------ SUPPLIED ENTRIES

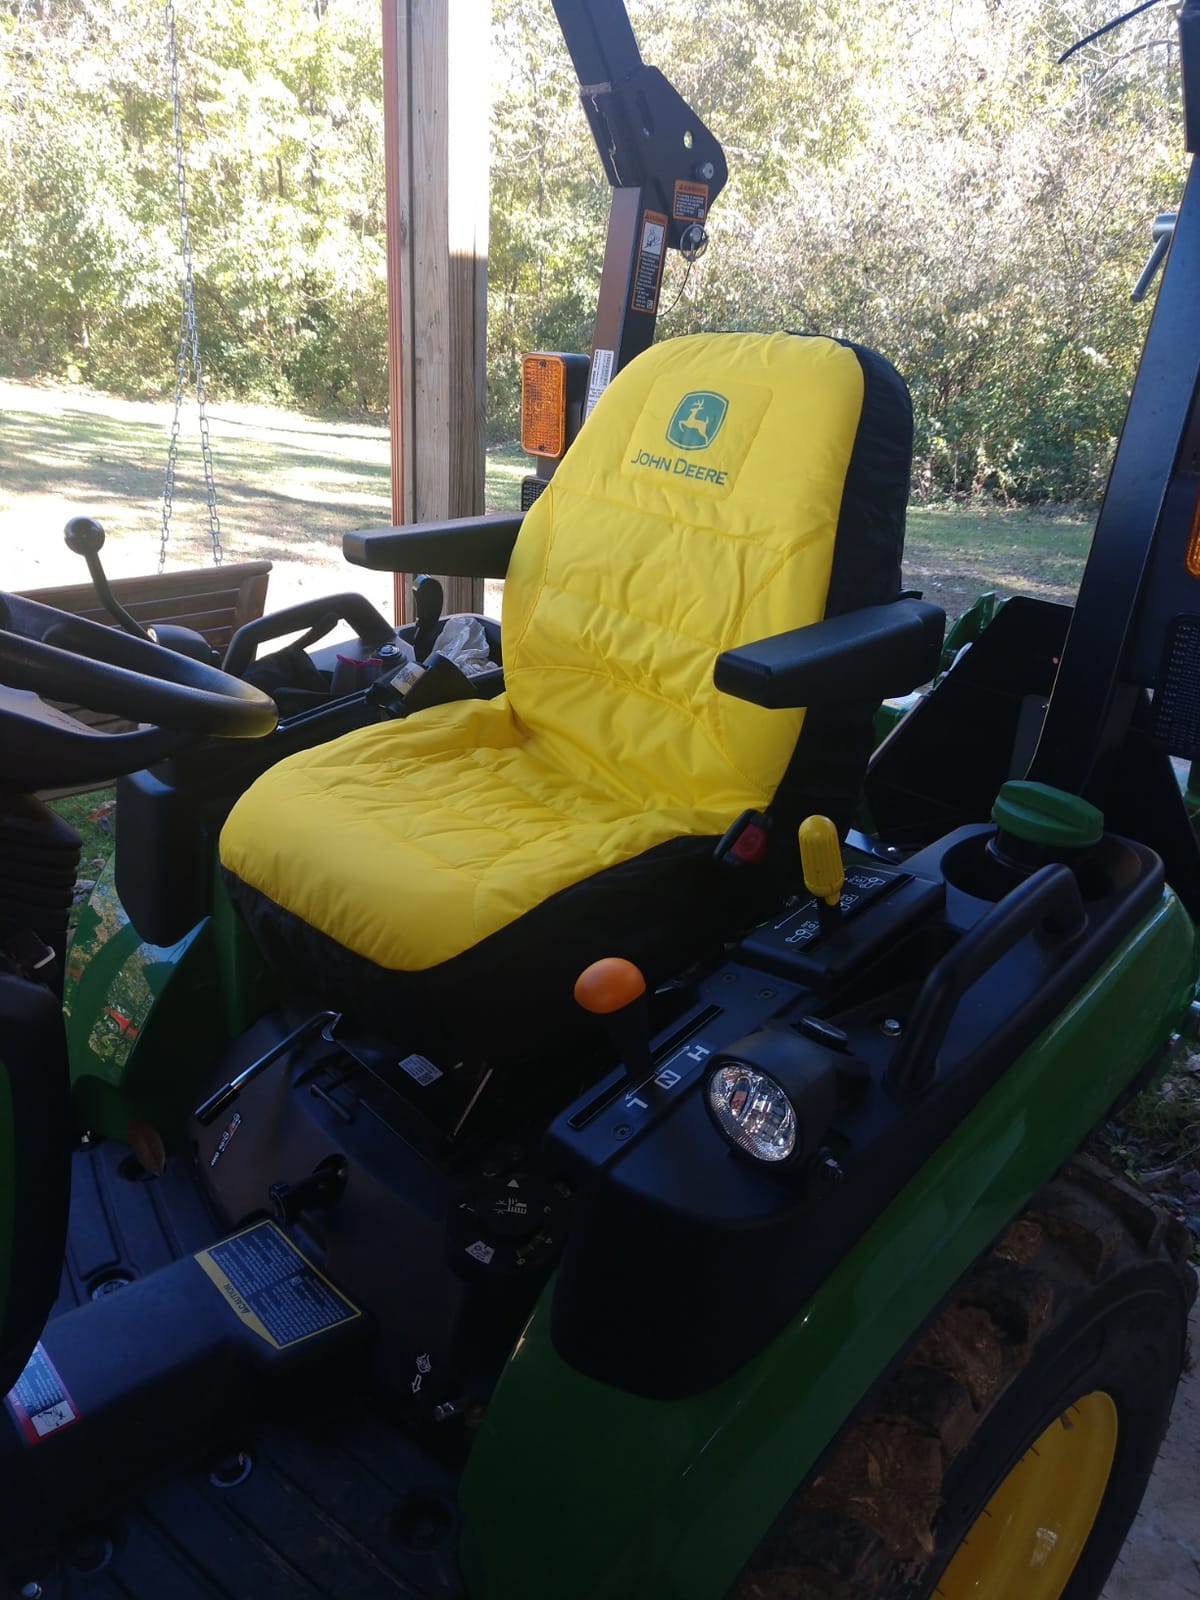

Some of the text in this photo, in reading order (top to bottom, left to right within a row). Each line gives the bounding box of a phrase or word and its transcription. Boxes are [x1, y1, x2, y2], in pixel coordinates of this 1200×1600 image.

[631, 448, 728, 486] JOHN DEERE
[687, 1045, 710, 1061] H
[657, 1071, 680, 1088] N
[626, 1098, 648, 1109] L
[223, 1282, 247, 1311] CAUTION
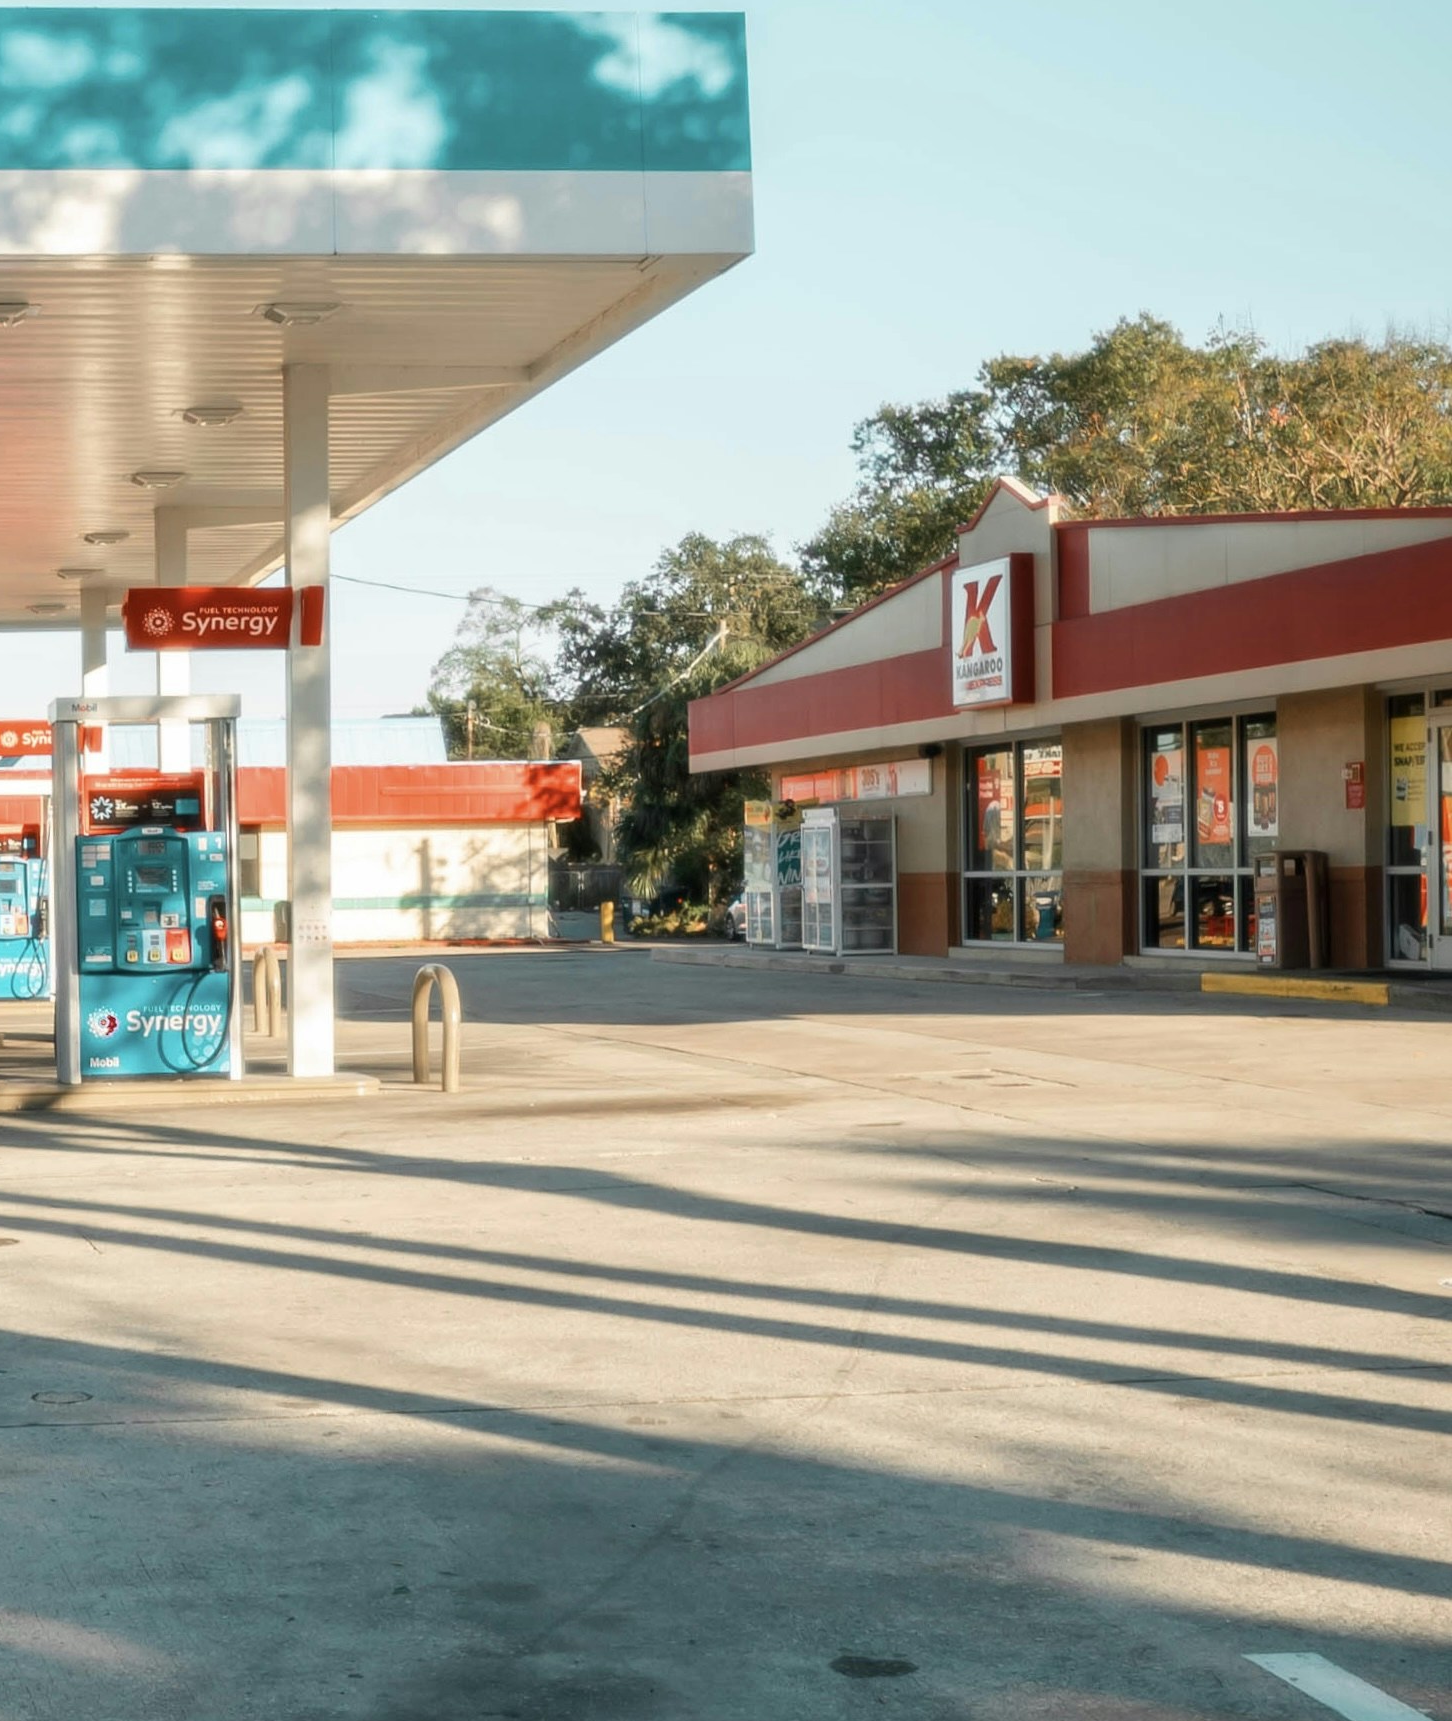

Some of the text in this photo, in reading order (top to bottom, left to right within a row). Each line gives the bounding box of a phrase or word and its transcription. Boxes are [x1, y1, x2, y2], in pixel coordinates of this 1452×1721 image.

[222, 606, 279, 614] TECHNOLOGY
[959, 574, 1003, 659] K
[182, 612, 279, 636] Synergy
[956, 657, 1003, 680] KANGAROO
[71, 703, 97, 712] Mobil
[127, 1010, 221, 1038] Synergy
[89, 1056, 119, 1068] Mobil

------------

With the images removed, write out all of the material above exactly.

### EXERCISE ANSWER
Some of the text in this photo, in reading order (top to bottom, left to right within a row). Each line gives the bounding box of a phrase or word and its transcription. Boxes are [x1, y1, x2, y2], in pixel coordinates of this 1200×1600 image.

[631, 448, 728, 486] JOHN DEERE
[687, 1045, 710, 1061] H
[657, 1071, 680, 1088] N
[626, 1098, 648, 1109] L
[223, 1282, 247, 1311] CAUTION

Some of the text in this photo, in reading order (top to bottom, left to right within a row). Each line gives the bounding box of a phrase or word and its transcription. Boxes are [x1, y1, x2, y2], in pixel coordinates of this 1452×1721 image.

[222, 606, 279, 614] TECHNOLOGY
[959, 574, 1003, 659] K
[182, 612, 279, 636] Synergy
[956, 657, 1003, 680] KANGAROO
[71, 703, 97, 712] Mobil
[127, 1010, 221, 1038] Synergy
[89, 1056, 119, 1068] Mobil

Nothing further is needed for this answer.